14282 Franklin Avenue
Tustin, CA 92780-7017
| Re: | Registration Statement on Form S-8 Peregrine Pharmaceuticals, Common Stock, $0.001 par value per share |
Ladies and Gentlemen:
We have acted as counsel to Peregrine Pharmaceuticals Inc., a Delaware corporation (the “Company”), in connection with its Registration Statement on Form S-8 (the “Registration Statement”), to be filed with the Securities and Exchange Commission (the “Commission”) under the Securities Act of 1933, as amended (the “Securities Act”) relating to the Peregrine Pharmaceuticals, Inc. 2009 Stock Incentive Plan (the “Plan”). The Registration Statement relates to the issuance and sale from time to time, under Rule 415 of the General Rules and Regulations promulgated under the Securities Act, of up to 3,000,000 shares of the Company’s common stock, $0.001 par value per share (the “Shares”).

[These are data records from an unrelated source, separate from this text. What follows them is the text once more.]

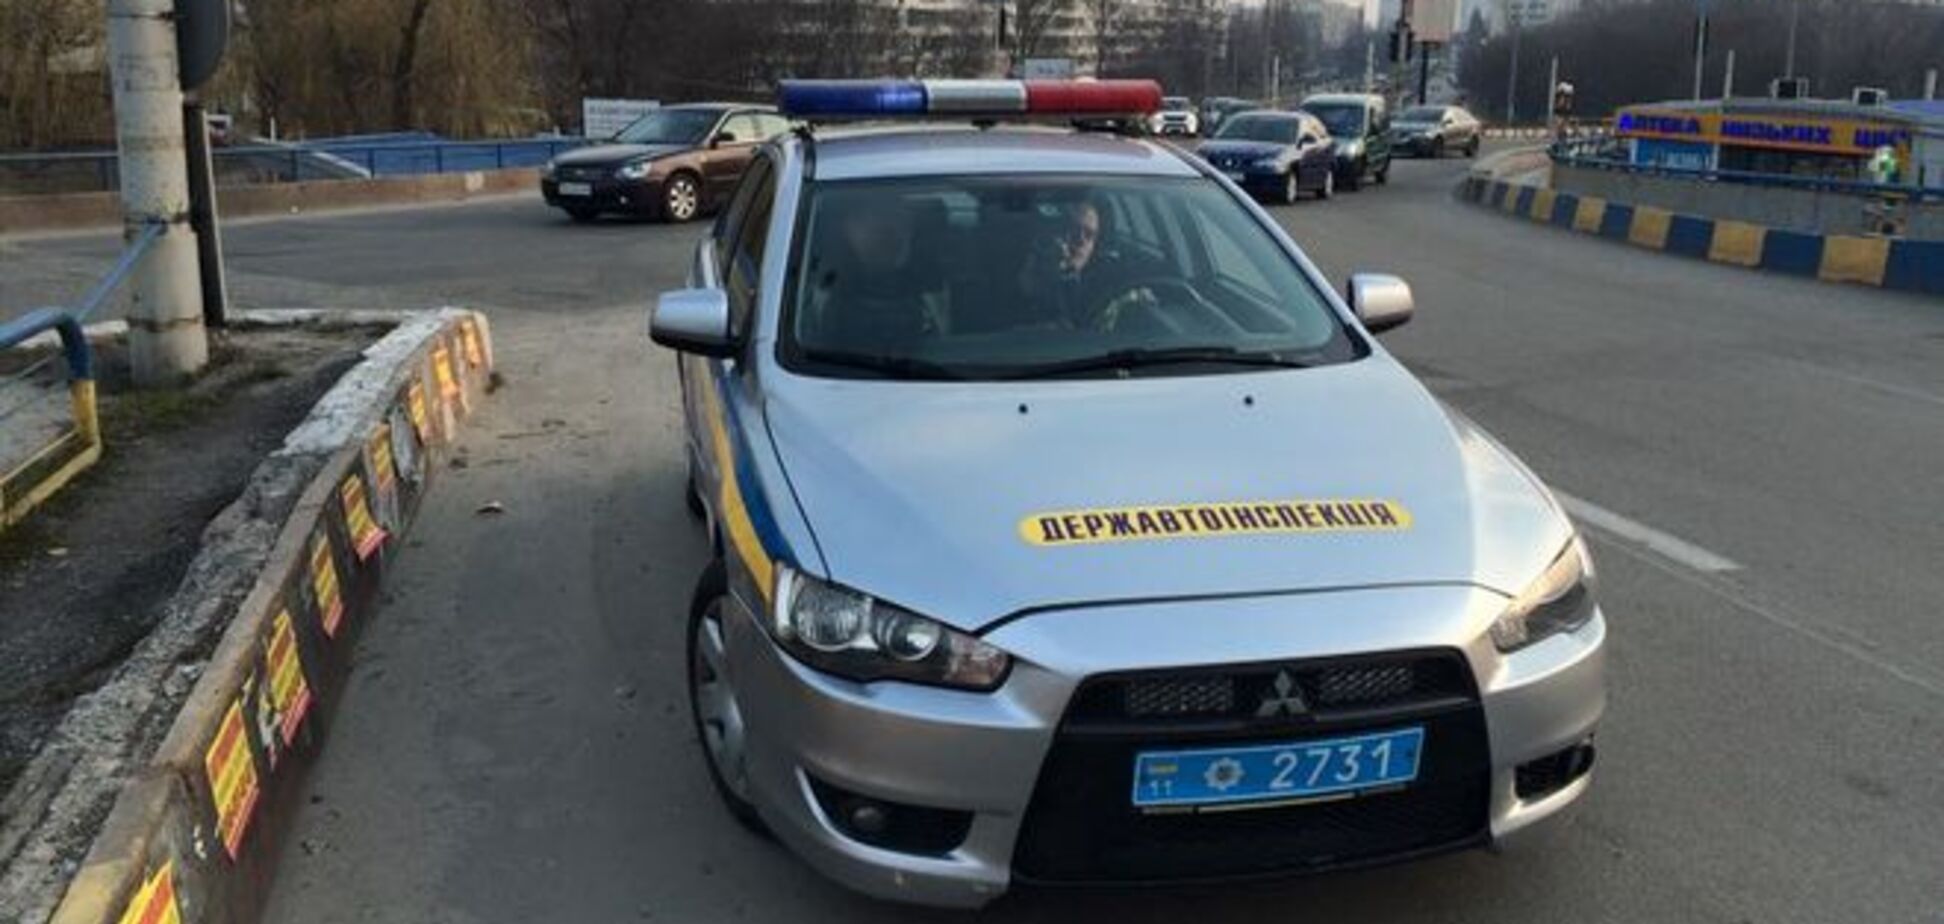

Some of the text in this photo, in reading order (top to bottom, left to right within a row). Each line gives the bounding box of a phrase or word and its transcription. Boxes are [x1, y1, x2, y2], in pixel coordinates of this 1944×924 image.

[1619, 113, 1701, 134] АПТЕКА
[1038, 501, 1399, 544] ДЕРЖАВТОІНСПЕКЦІЯ
[1269, 738, 1394, 789] 2731
[1150, 779, 1173, 797] 11
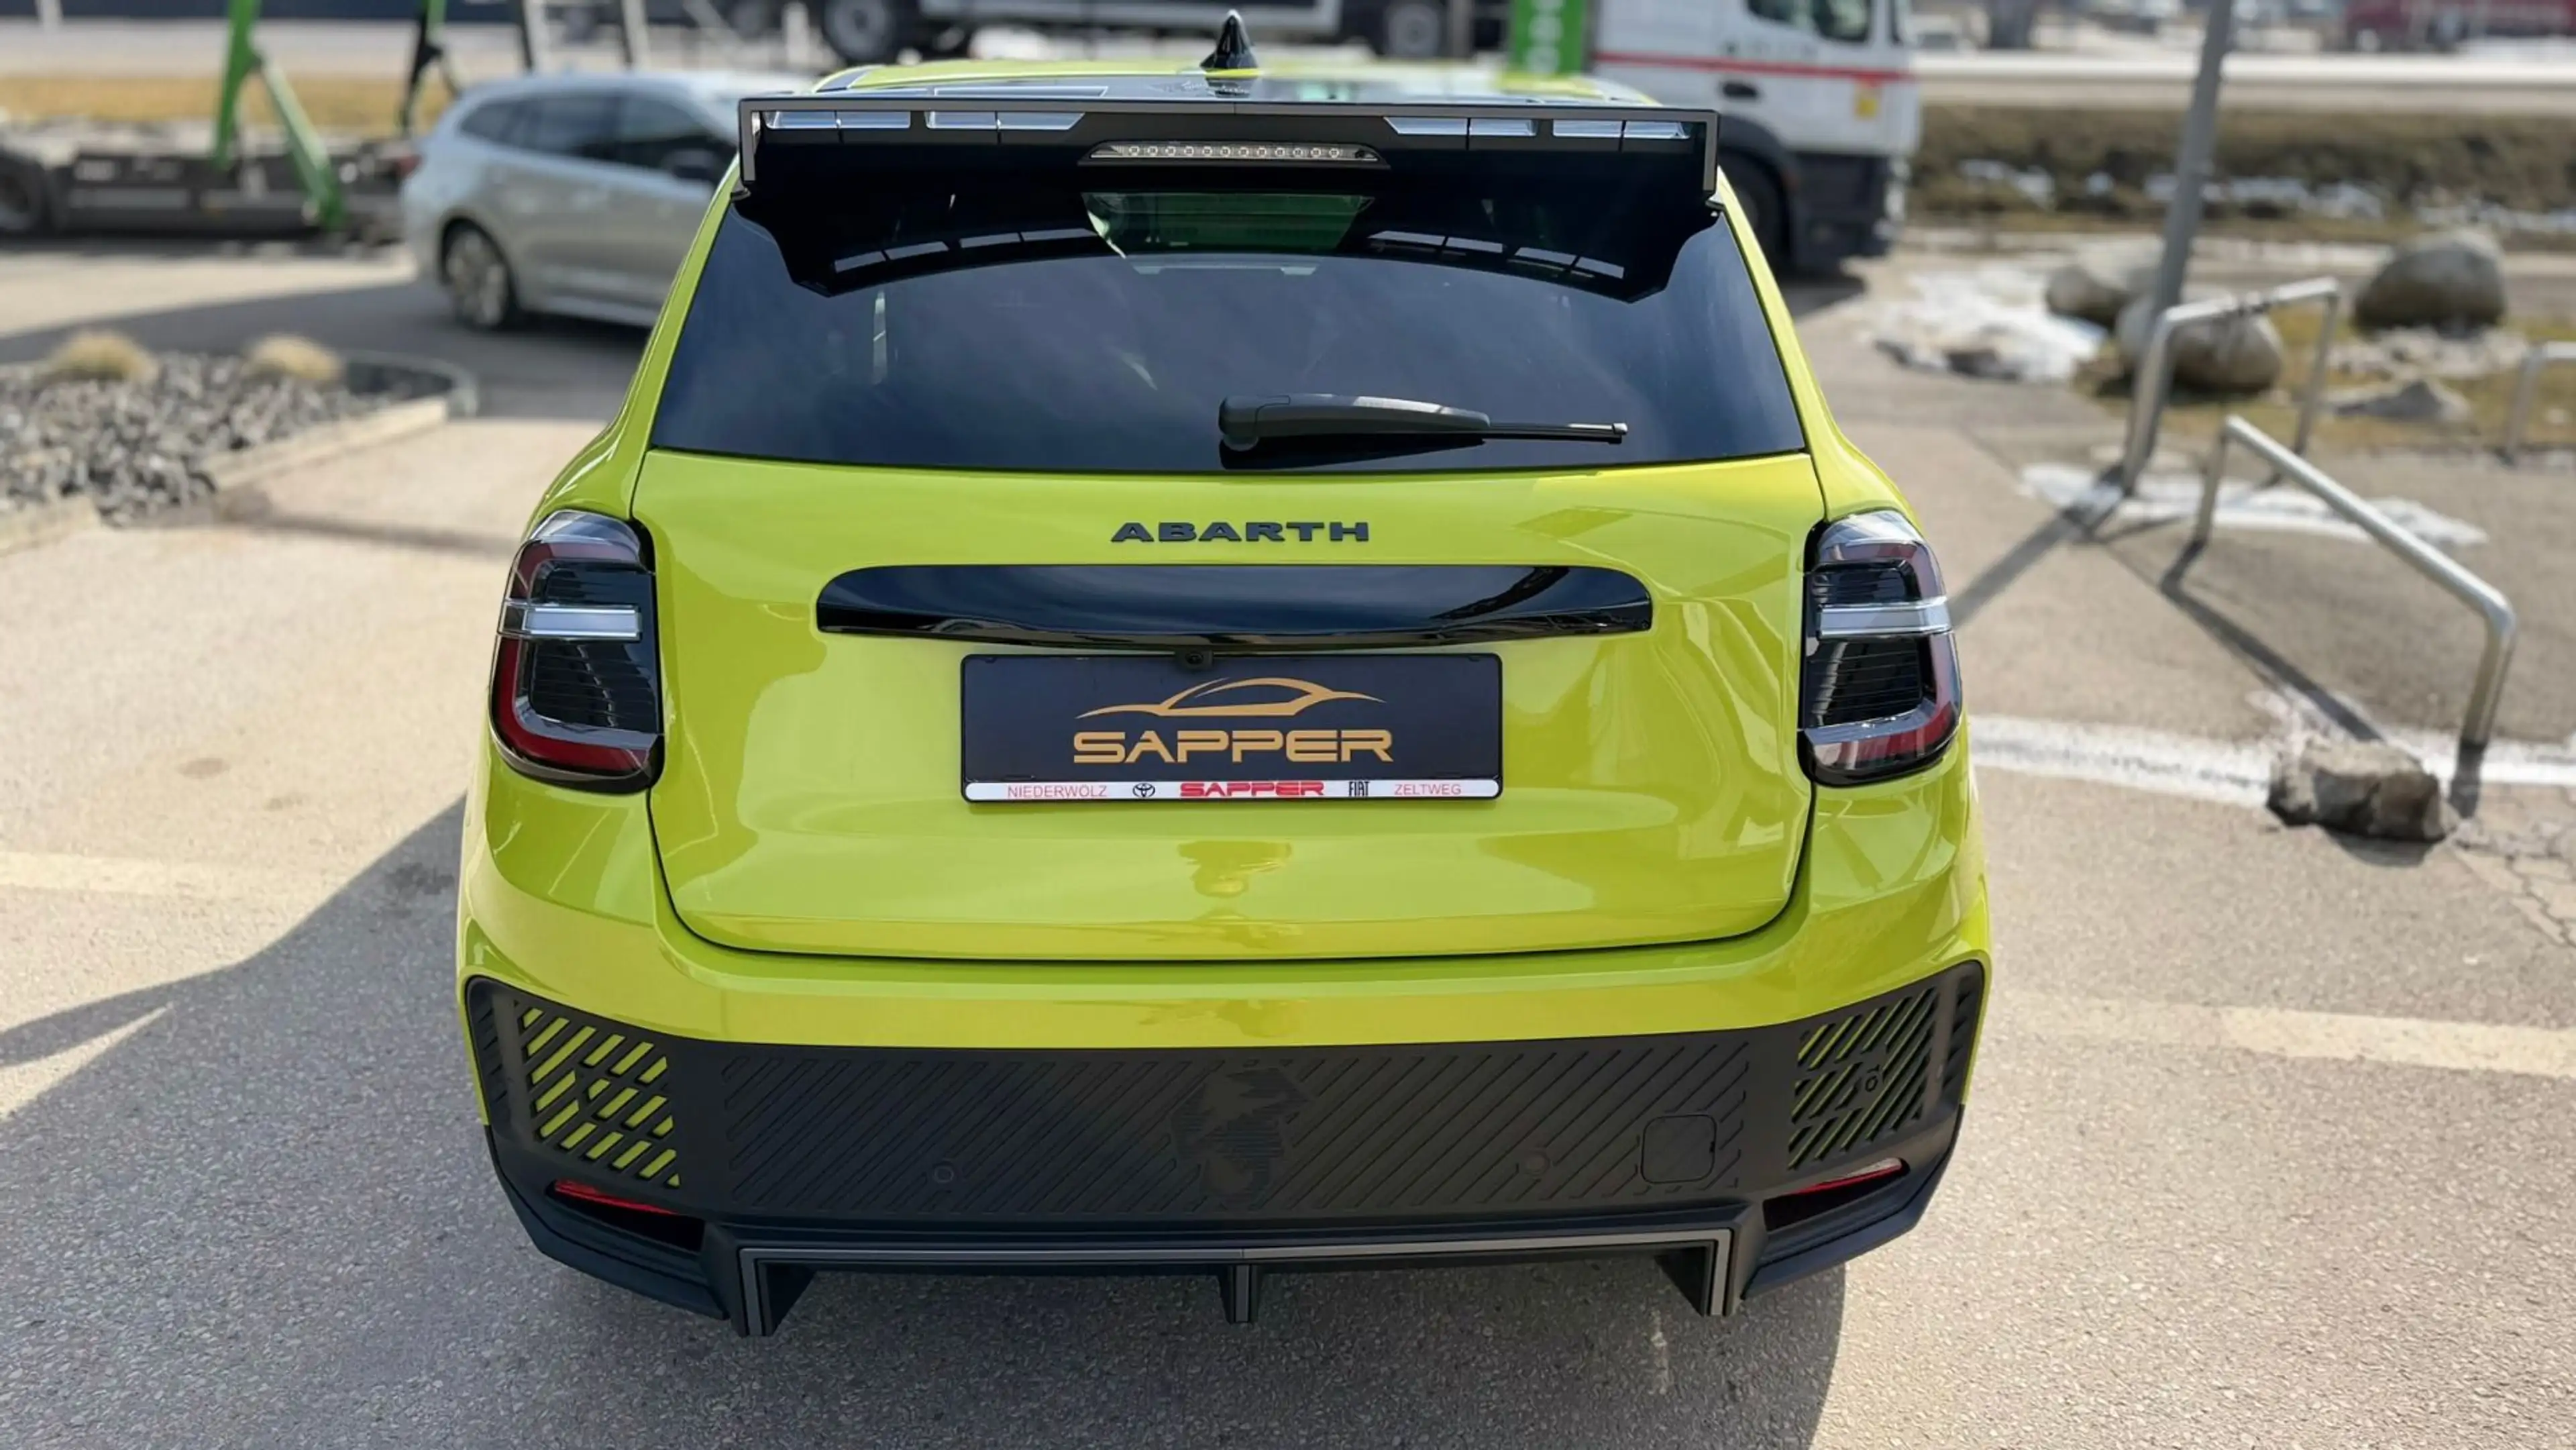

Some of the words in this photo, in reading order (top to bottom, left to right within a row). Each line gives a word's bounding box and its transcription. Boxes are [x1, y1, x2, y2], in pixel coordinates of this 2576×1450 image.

[1111, 522, 1369, 542] ABARTH
[1073, 730, 1394, 763] SAPPER
[1180, 782, 1325, 797] SAPPER
[1349, 781, 1369, 797] FIAT
[1394, 784, 1461, 796] ZELTWEG

All capitalized terms herein that are not otherwise defined shall have the meaning ascribed thereto in the Registration Statement. This opinion is delivered in accordance with the requirements of Item 601(b)(5) of Regulation S-K under the Securities Act. In connection with this opinion, we have examined and relied upon the Company’s Certificate of Incorporation and Bylaws, each as amended and/or restated to date; the Registration Statement; pertinent records of the meetings of the directors and stockholders of the Company; and such corporate records of the Company and such other instruments and other certificates of public officials, officers and representatives of the Company and such other persons, and we have made such investigations of law, as we have deemed appropriate as a basis for the opinions expressed below. In addition, we have assumed and have not independently verified the accuracy as to factual matters of each document we have reviewed.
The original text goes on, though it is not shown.